GAO Again Recommends Better Oversight of Grants to Minority Serving Institutions

WASHINGTON – Since 2004, the Government Accountability Office (GAO) has been telling the U.S. Department of Education that it needs to improve the way it monitors and provides technical assistance to Title III and V grantees. These federal education funds go to institutions that enroll large numbers of low-income and minority students, including historically Black colleges and universities, Hispanic-serving institutions, tribally controlled colleges and universities, and others. And, in the past 10 years, funding has almost tripled, from $230 million to $681 million.

 But according to testimony delivered before the House Committee on Education and Labor on Thursday, the agency continues to make only limited progress. In fact, GAO uncovered “questionable expenditures” at four of the seven institutions where it conducted financial site visits last year—to the tune of more than $140,000.

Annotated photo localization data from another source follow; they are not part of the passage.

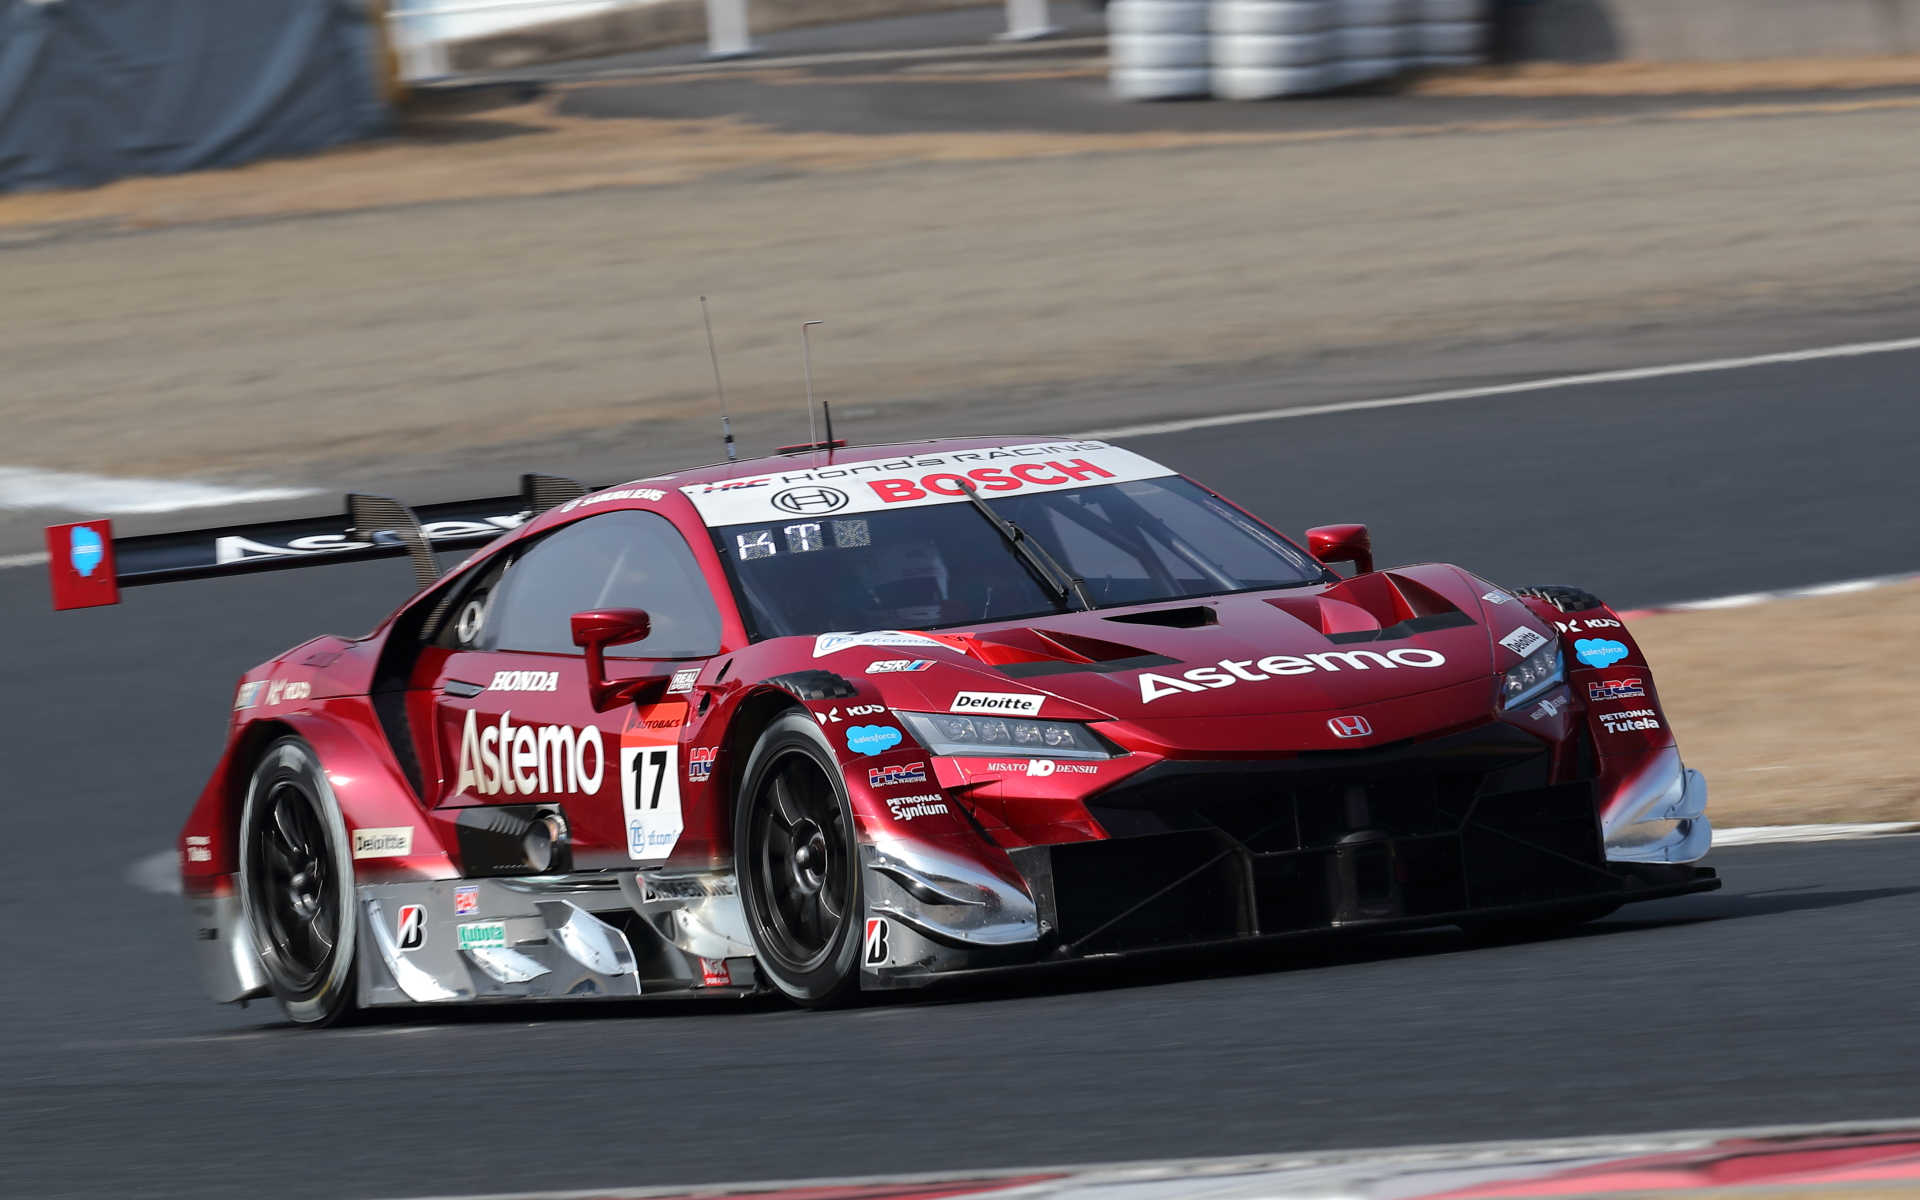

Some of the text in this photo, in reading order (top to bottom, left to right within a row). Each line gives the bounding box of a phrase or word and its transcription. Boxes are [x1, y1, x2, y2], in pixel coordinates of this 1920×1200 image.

[782, 456, 946, 484] Honda
[952, 440, 1104, 464] RACING
[866, 458, 1118, 504] BOSCH
[1581, 646, 1624, 656] salesforce
[487, 670, 560, 692] HONDA
[674, 672, 697, 683] REAL
[1137, 647, 1447, 705] Astemo
[1588, 678, 1644, 699] HRC
[635, 719, 681, 729] AUTOBACS
[1598, 708, 1656, 722] PETRONAS
[1603, 717, 1660, 734] Tutela
[853, 732, 897, 744] salesforce
[454, 708, 605, 798] Astemo
[868, 761, 926, 785] HRC
[986, 762, 1027, 772] MISATO
[1056, 764, 1099, 774] DENSHI
[631, 750, 668, 810] 17
[886, 794, 943, 807] PETRONAS
[891, 803, 949, 821] Syntium

 One Maryland-based institution was responsible for $105,117 of that amount. It used $79,975 for student trips to locations such as amusement parks and resorts as part of a character and leadership building activity; $6,000 was used to purchase a desk and chair; and $4,578 was used to purchase an airplane global positioning system although the school does not own an airplane. More surprising, however, is that the Department of Education recommended the school as a model grantee.

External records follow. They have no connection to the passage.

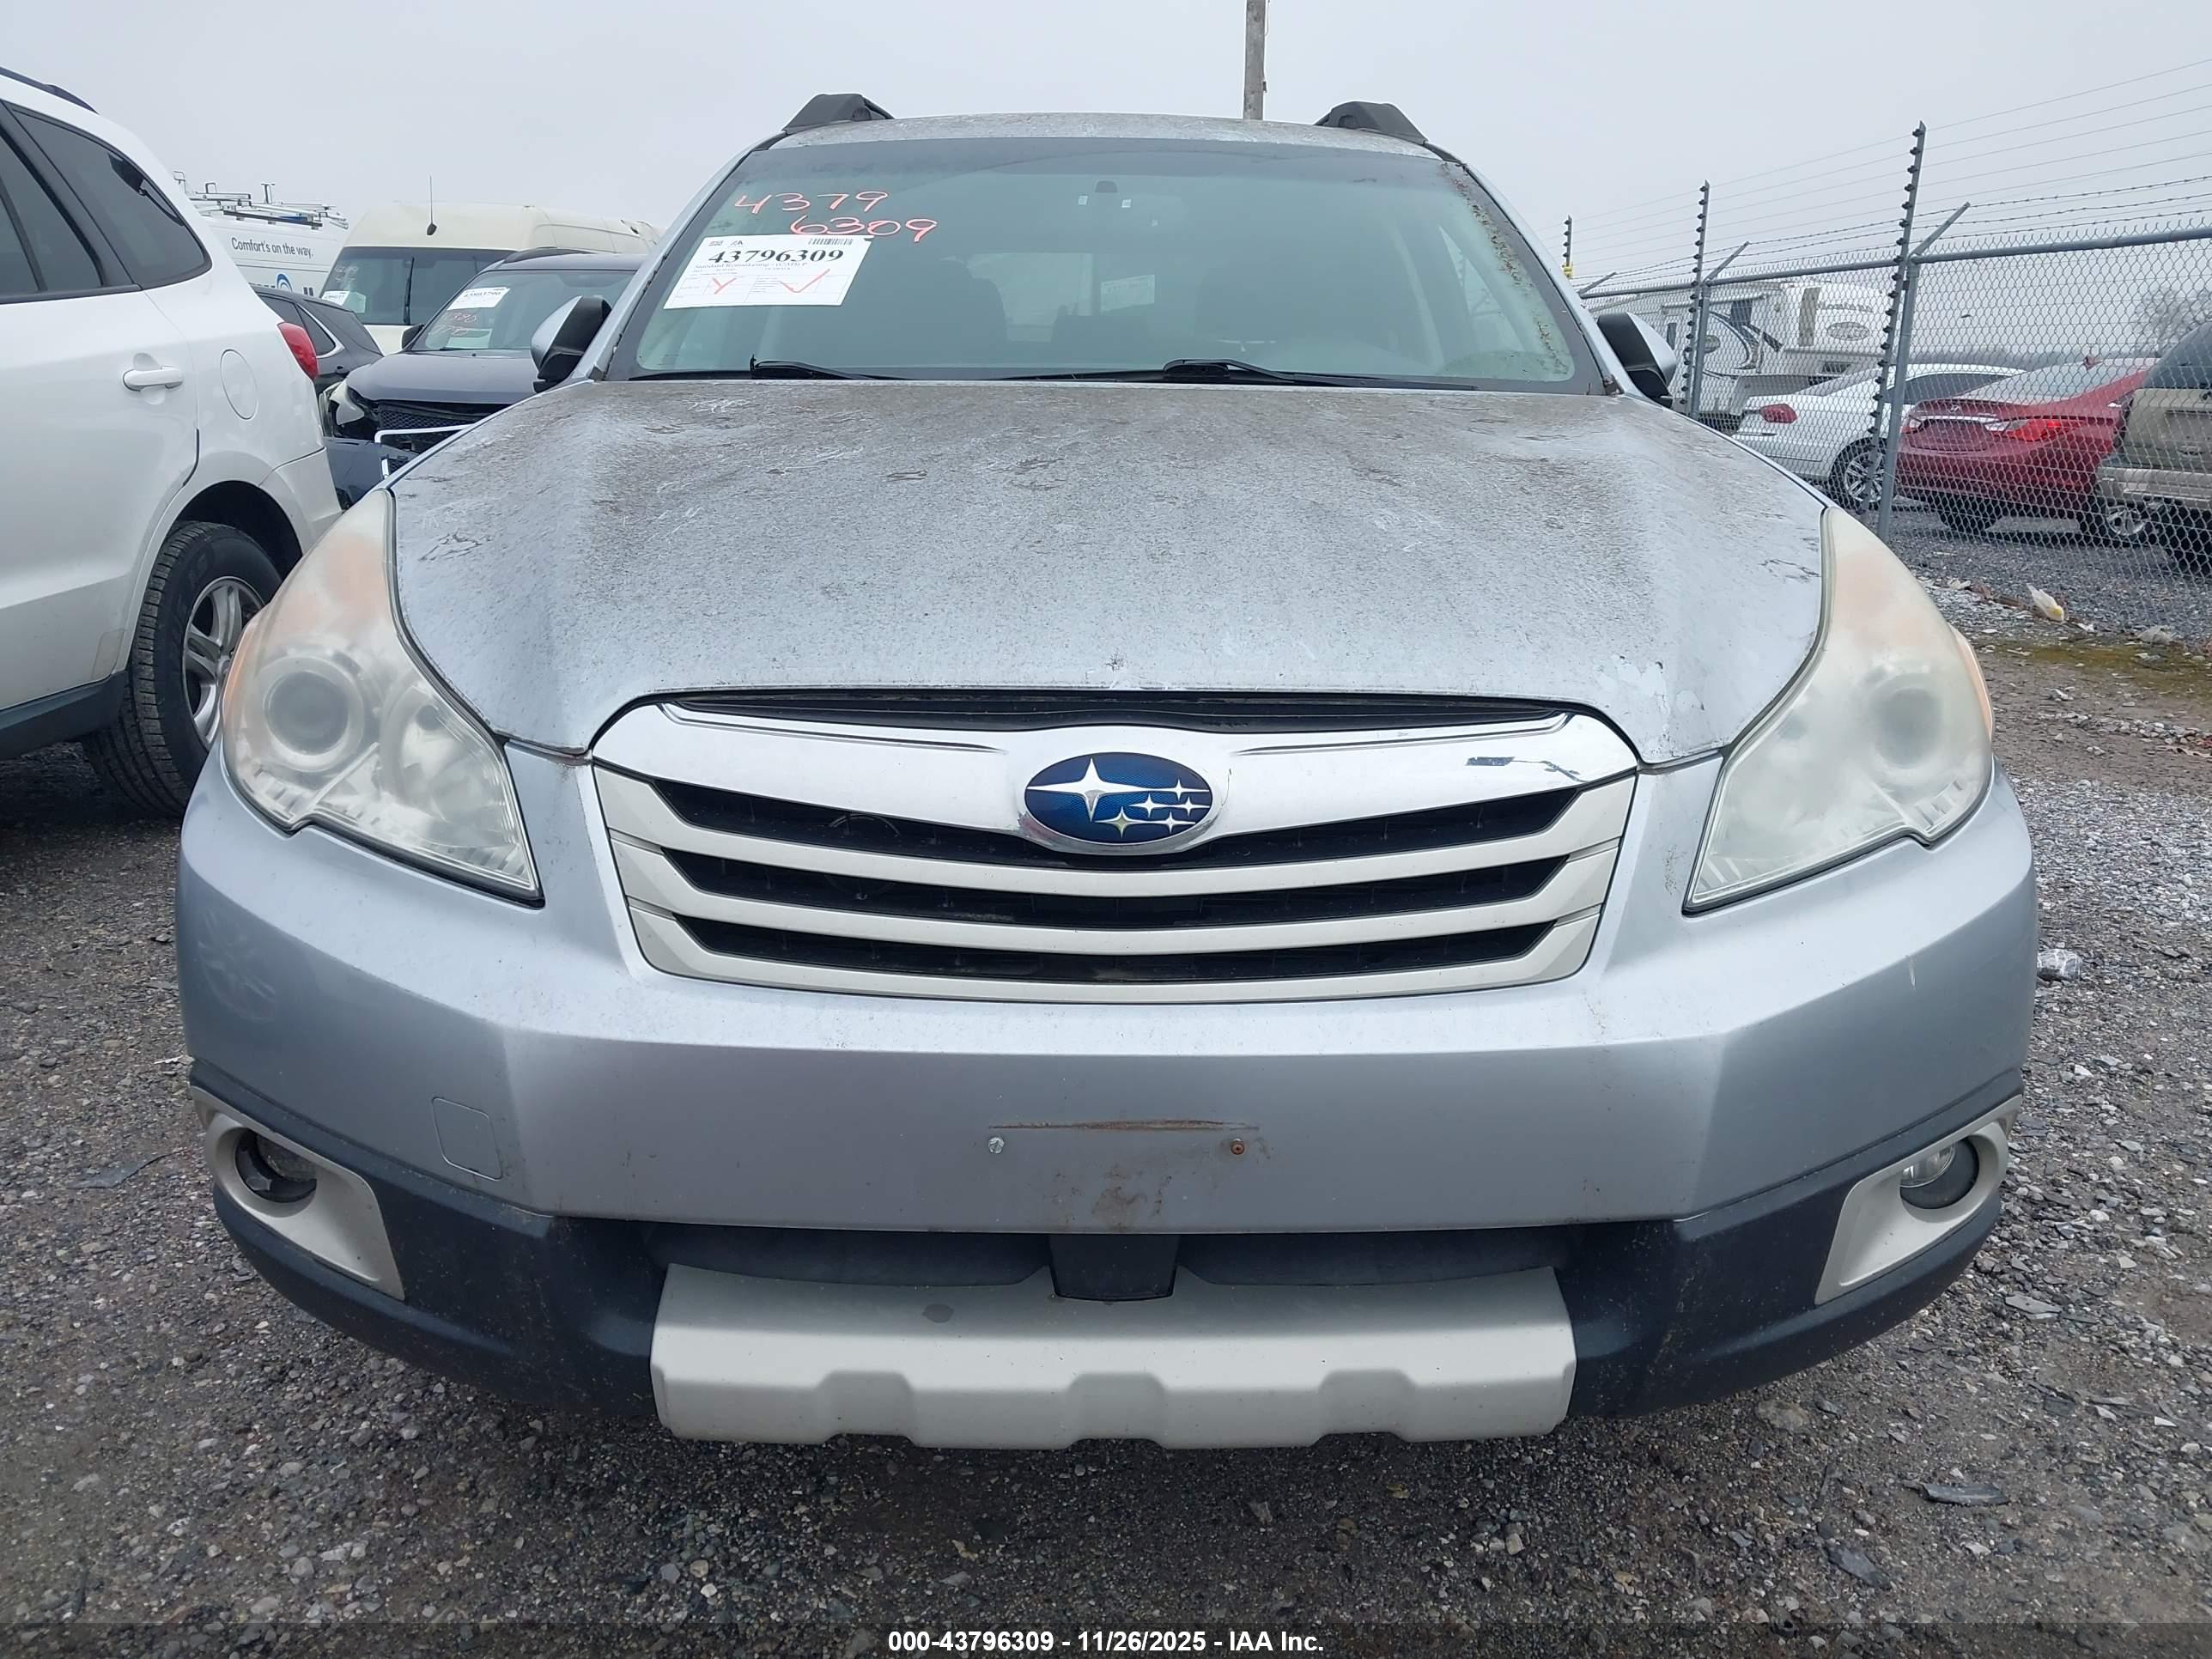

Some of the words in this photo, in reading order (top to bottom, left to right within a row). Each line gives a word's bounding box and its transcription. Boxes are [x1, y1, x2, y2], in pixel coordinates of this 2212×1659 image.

[734, 191, 889, 214] 4379
[790, 215, 939, 243] 6309
[231, 237, 270, 253] Comfort's
[271, 244, 283, 254] on
[283, 243, 296, 255] the
[296, 247, 313, 258] way.
[708, 249, 844, 264] 43796309

 “[The Department of] Education has made some progress in implementing a systematic approach to grant monitoring and technical assistance, but much work needs to be done,” said George Scott, GAO’s director of Education, Workforce, and Income Security, at the hearing.

 Scott said that the department has made progress in automating its monitoring tools and developing risk-based criteria. The redesigned system, he said, increases the ability to assess the risk of grantee noncompliance. The department also has taken steps to improve its technical assistance programs and develop mechanisms to routinely collect and use grantee feedback.

 “Despite progress in these areas, we found that Education still lacked a coordinated approach to guide its monitoring efforts,” Scott added. “It recently developed a draft monitoring plan for Title III and V programs but has not consistently developed realistic and measurable targets for each of the activities in the plan.” In addition, Scott said that not having a comprehensive approach increases the potential for fraud, waste and abuse.

 Robert Shireman, an Education Department deputy undersecretary, reported that the agency has made progress in its monitoring and technical assistance efforts. Its monitoring index, he said, helps to identify institutions for possible review based on audit and accreditation findings, commercial credit scores and other measures. In addition, the agency is reviewing annual performance reports to alert them to whether grant benchmarks are being met or the funds are being used in ways not identified in the grant application.

 Shireman also said that the Department of Education will increase site visits in Fiscal Year 2010 and is pairing experienced staff with new staff on these visits as part of its training initiative. He added that the department is following up on the incidences of fraud that GAO has uncovered. He also noted that this year the department held a conference with more than 1,000 project directors from minority serving institutions around the country to share best practices across institutions and suggestions for how the Education Department can be more helpful.

 “All of this is part of an effort for us to be a stronger learning organization so we can get better and better at what we do and figure out how we can help institutions to grow, improve and graduate more students toward the president’s 2020 goal,” Shireman said. “Our goal is not only to make sure that the funds are used appropriately but also to do all we can to ensure that they’re used as effectively as possible.”

 Rep. Robert Scott, D-Virginia, said that making the grant applications more specific could go a long way toward solving some of the problems. Citing the example of the funds used for leadership development activities that took place at amusement parks, he said the line item should offer details other than “leadership development.”

 “There’s no reason why there should be any questions after the fact. The line item should have been exactly what they were going to actually spend the money on. Had they required more specificity in the application before they funded it, there would be less discussion after the fact,” he said.

 Rep. Scott said that he has spoken to several Education Department representatives and that the next round of applications will be made more specific so this problem will not exist in the future.